Conventional multi-label classification methods often fail to capture the dynamic relationships and relative intensity shifts between labels, treating them as independent entities. This limitation is particularly detrimental in tasks like sentiment analysis where emotions co-occur in nuanced proportions. To address this, we introduce a novel Weighted Difference Loss (WDL) framework. WDL operates on three core principles: (1) transforming labels into a normalized distribution to model their relative proportions; (2) computing learnable, weighted differences across this distribution to explicitly capture inter-label dynamics and trends; and (3) employing a label-shuffling augmentation to ensure the model learns intrinsic, order-invariant relationships. Our framework not only achieves state-of-the-art performance on four public benchmarks, but more importantly, it substantially improves the recognition of minority classes. This demonstrates the framework's ability to learn from sparse data by effectively leveraging the underlying label structure, offering a robust, loss-driven alternative to complex architectural modifications.

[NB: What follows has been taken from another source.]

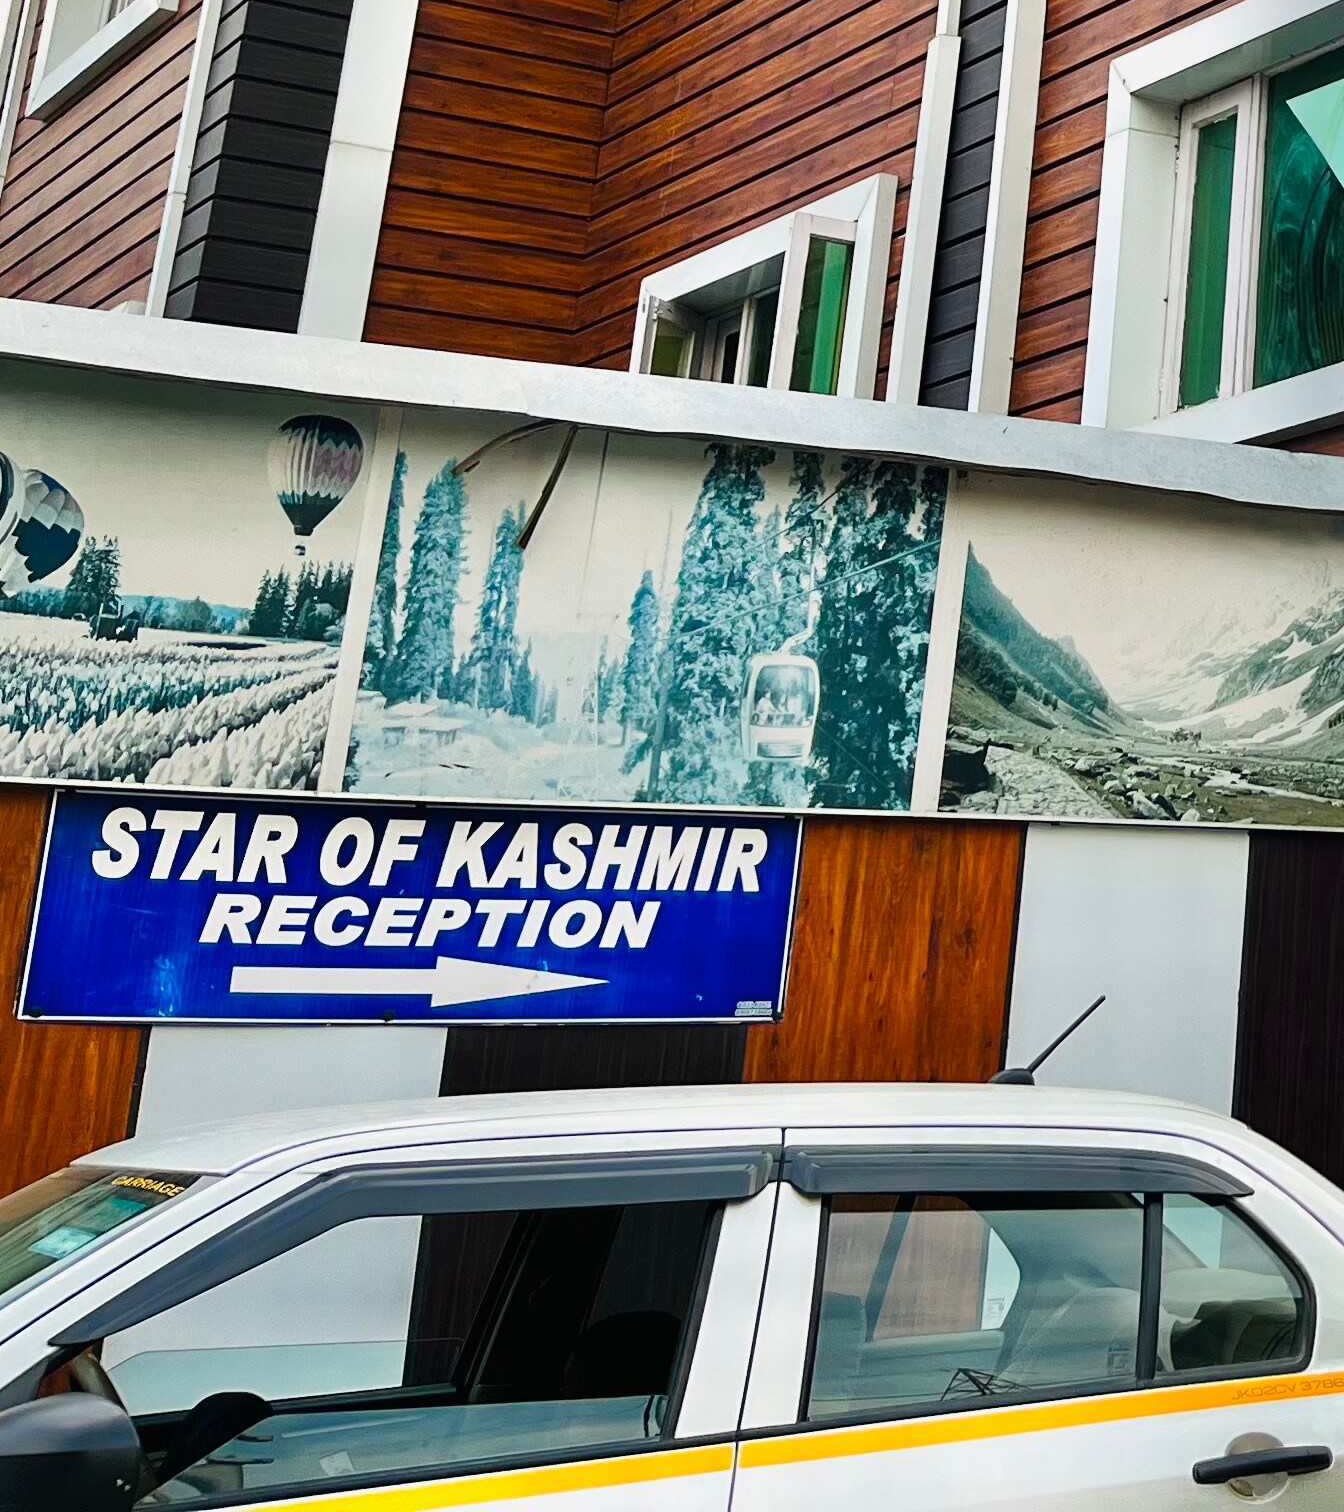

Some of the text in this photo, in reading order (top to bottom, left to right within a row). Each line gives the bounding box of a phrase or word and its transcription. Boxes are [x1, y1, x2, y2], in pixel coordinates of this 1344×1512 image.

传统的多标签分类方法常常无法捕捉标签之间的动态关系和相对强度变化,而是将它们视为独立的实体。这种局限性在诸如情感分析等任务中尤为不利,因为情感会以细微的比例同时出现。为了解决这个问题,我们引入了一种新颖的加权差异损失(WDL)框架。WDL基于三个核心原则运行:(1)将标签转换为归一化分布以对其相对比例进行建模;(2)计算此分布上可学习的加权差异,以明确捕捉标签间的动态和趋势;(3)采用标签洗牌增强技术,以确保模型学习内在的、与顺序无关的关系。我们的框架不仅在四个公共基准上取得了领先的性能,更重要的是,它显著提高了对少数类别的识别能力。这证明了该框架通过有效利用潜在的标签结构从稀疏数据中学习的能力,为复杂的架构修改提供了一种强大的、由损失驱动的替代方案。